*** Given data ***

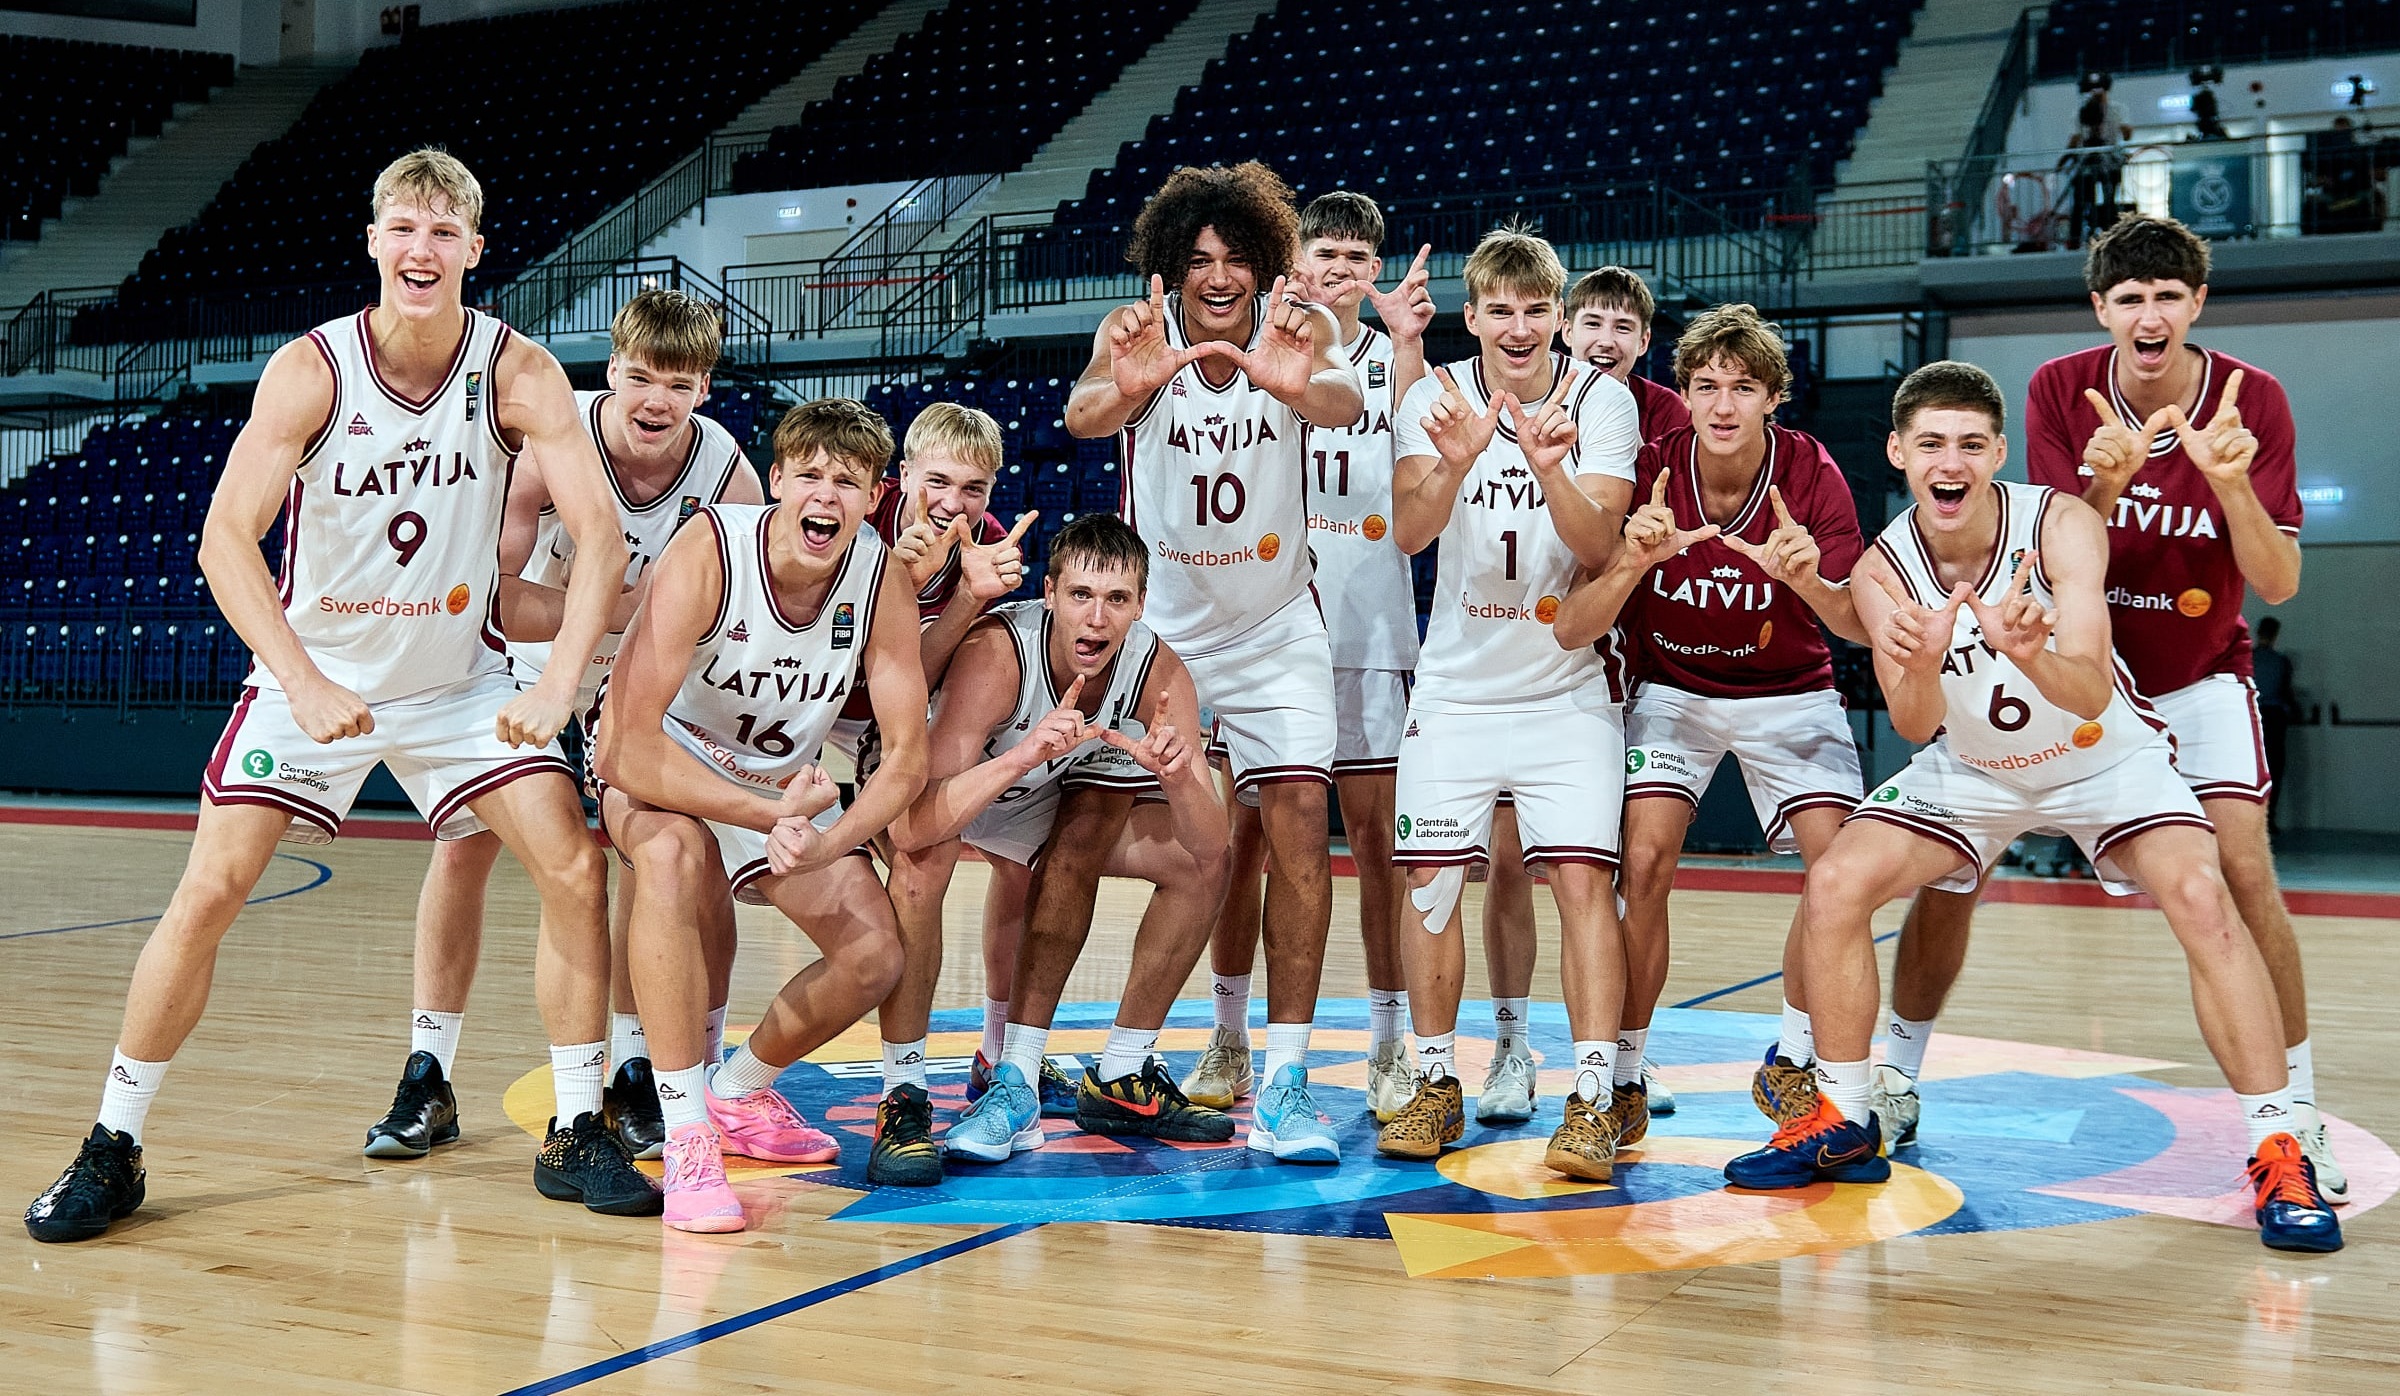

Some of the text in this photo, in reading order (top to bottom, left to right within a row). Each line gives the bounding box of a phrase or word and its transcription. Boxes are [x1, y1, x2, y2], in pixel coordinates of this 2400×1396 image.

[1172, 387, 1188, 398] EAK
[348, 425, 375, 436] PEAK
[1167, 414, 1278, 456] LATVIJA
[334, 452, 478, 497] LATVIJA
[1312, 450, 1350, 497] 11
[1190, 472, 1246, 527] 10
[2106, 496, 2218, 539] TVIJA
[387, 511, 428, 568] 9
[1307, 513, 1359, 535] dbank
[1157, 541, 1254, 567] Swedbank
[1500, 530, 1517, 581] 1
[320, 596, 441, 617] Swedbank
[1653, 569, 1773, 611] LATVIJ
[2105, 586, 2174, 611] dbank
[834, 629, 851, 638] FIBA
[702, 654, 846, 703] LATVIJA
[1988, 683, 2032, 732] 6
[680, 722, 776, 787] Swedbank
[736, 713, 796, 758] 16
[1959, 742, 2071, 770] Swedbank
[1580, 1059, 1609, 1068] PEAK

***

Exercise goal: Omit the pictures; restate every entry word for word.

Solution for this task:
Some of the text in this photo, in reading order (top to bottom, left to right within a row). Each line gives the bounding box of a phrase or word and its transcription. Boxes are [x1, y1, x2, y2], in pixel coordinates of this 2400×1396 image.

[1172, 387, 1188, 398] EAK
[348, 425, 375, 436] PEAK
[1167, 414, 1278, 456] LATVIJA
[334, 452, 478, 497] LATVIJA
[1312, 450, 1350, 497] 11
[1190, 472, 1246, 527] 10
[2106, 496, 2218, 539] TVIJA
[387, 511, 428, 568] 9
[1307, 513, 1359, 535] dbank
[1157, 541, 1254, 567] Swedbank
[1500, 530, 1517, 581] 1
[320, 596, 441, 617] Swedbank
[1653, 569, 1773, 611] LATVIJ
[2105, 586, 2174, 611] dbank
[834, 629, 851, 638] FIBA
[702, 654, 846, 703] LATVIJA
[1988, 683, 2032, 732] 6
[680, 722, 776, 787] Swedbank
[736, 713, 796, 758] 16
[1959, 742, 2071, 770] Swedbank
[1580, 1059, 1609, 1068] PEAK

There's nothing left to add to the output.